***** Recorded data

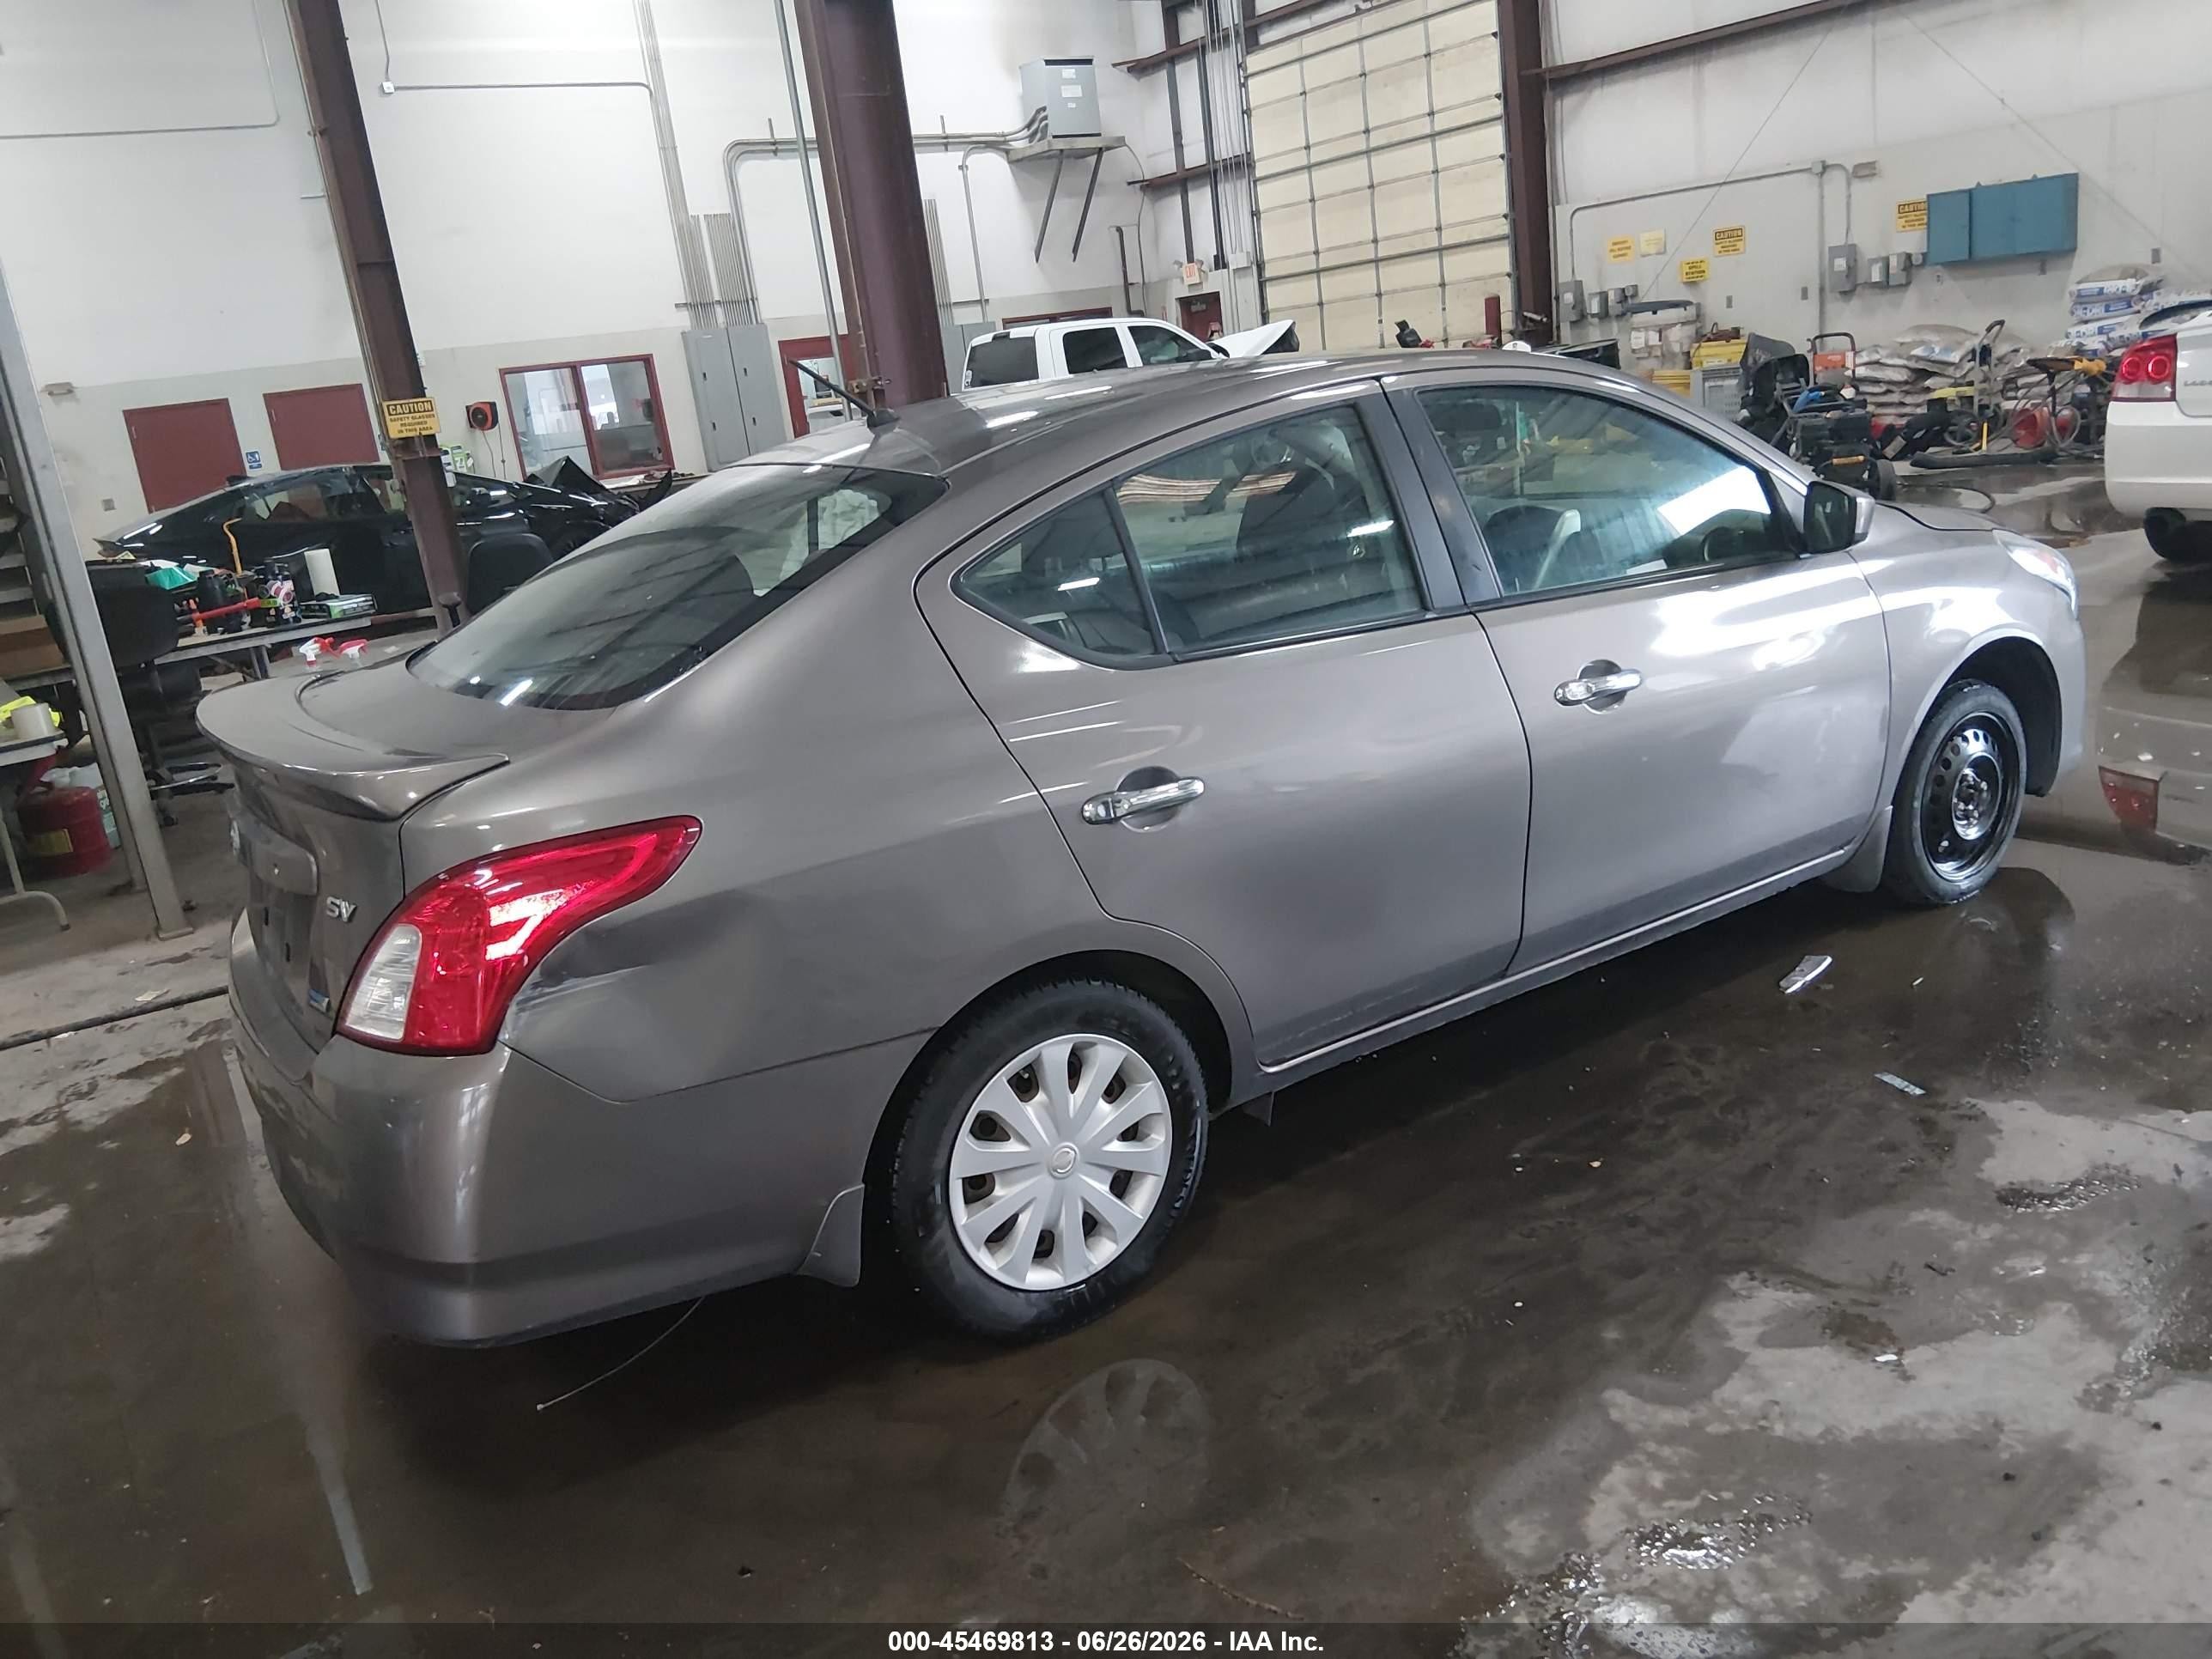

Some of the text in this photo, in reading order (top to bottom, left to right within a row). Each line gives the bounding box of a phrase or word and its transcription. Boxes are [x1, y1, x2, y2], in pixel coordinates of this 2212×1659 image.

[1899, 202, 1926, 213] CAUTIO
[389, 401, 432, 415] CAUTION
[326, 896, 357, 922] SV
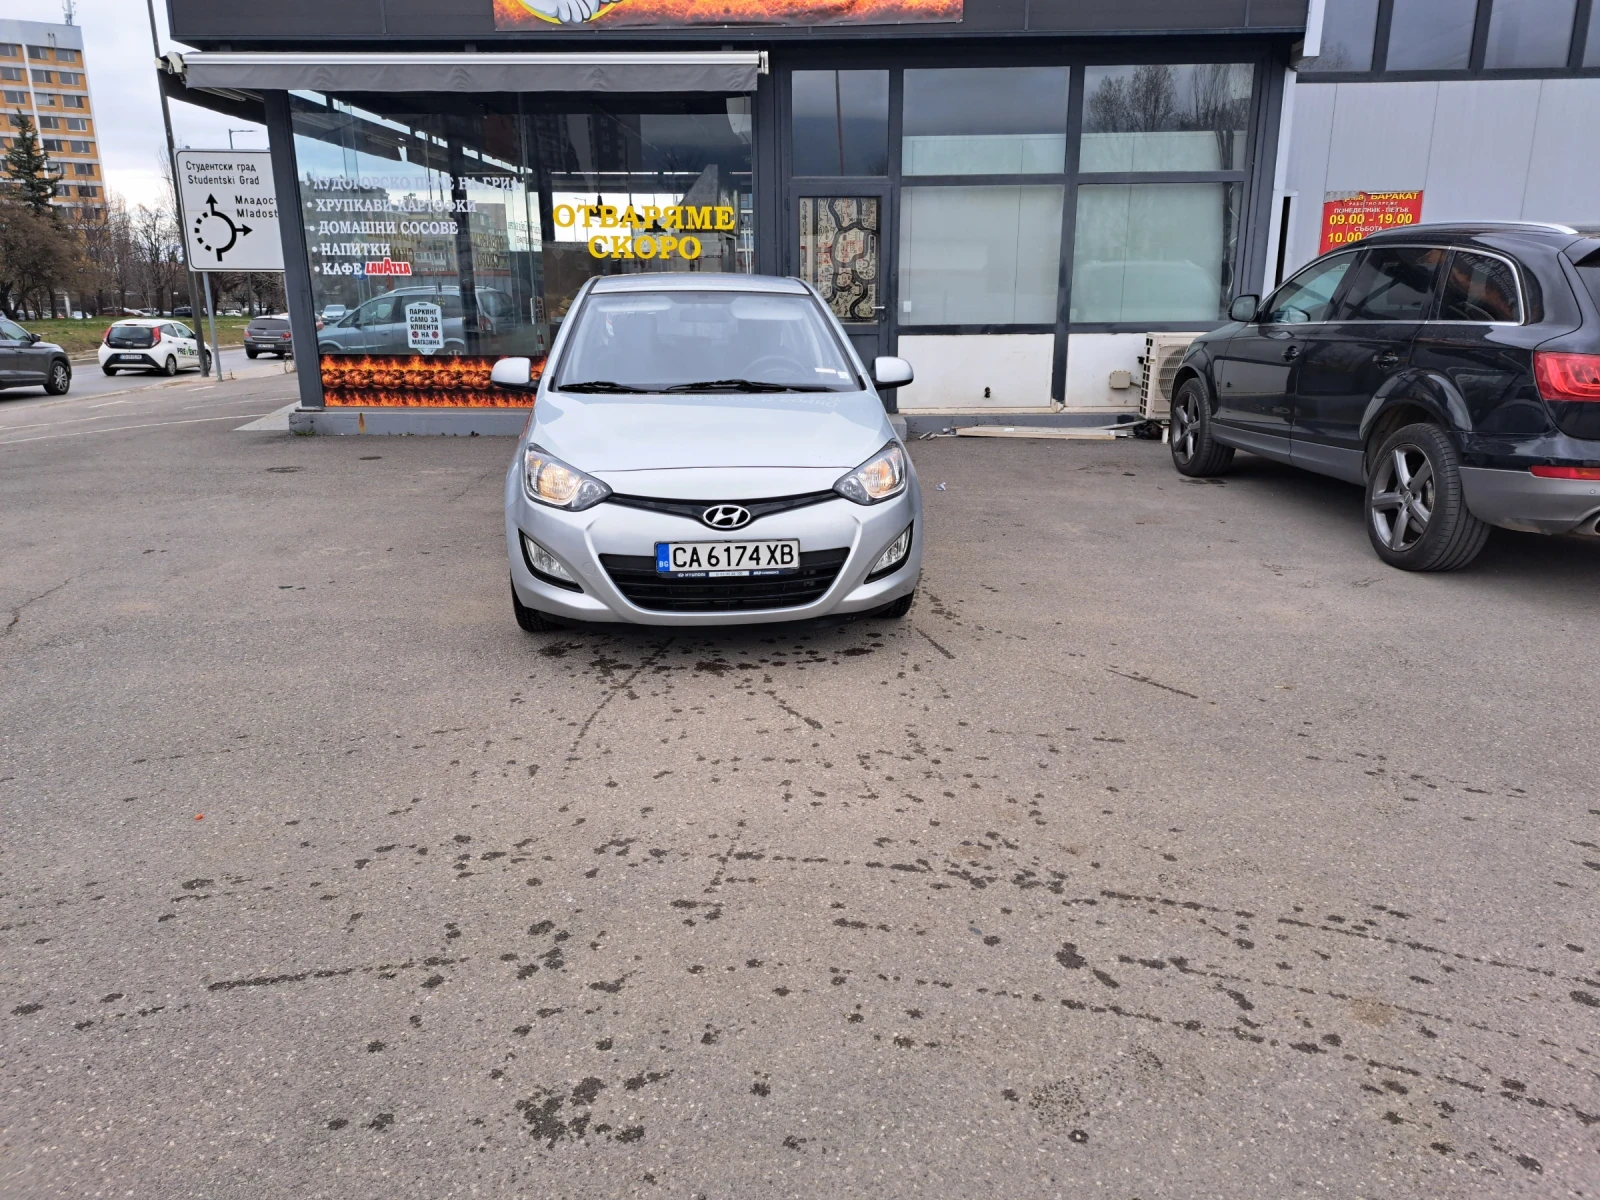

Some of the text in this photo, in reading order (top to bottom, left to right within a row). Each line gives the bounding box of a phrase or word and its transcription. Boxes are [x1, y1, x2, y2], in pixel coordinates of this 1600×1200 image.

**********

> **Task to carry out**: Before printing anything, remove the pictures; then print all the records exactly.

> **Answer to the exercise**:
Some of the text in this photo, in reading order (top to bottom, left to right within a row). Each line gives the bounding box of a phrase or word and its transcription. Boxes are [x1, y1, x2, y2], in pixel coordinates of this 2212×1659 image.

[1899, 202, 1926, 213] CAUTIO
[389, 401, 432, 415] CAUTION
[326, 896, 357, 922] SV

Some of the text in this photo, in reading order (top to bottom, left to right within a row). Each line gives the bounding box of a phrase or word and its transcription. Boxes are [x1, y1, x2, y2], in pixel coordinates of this 1600×1200 image.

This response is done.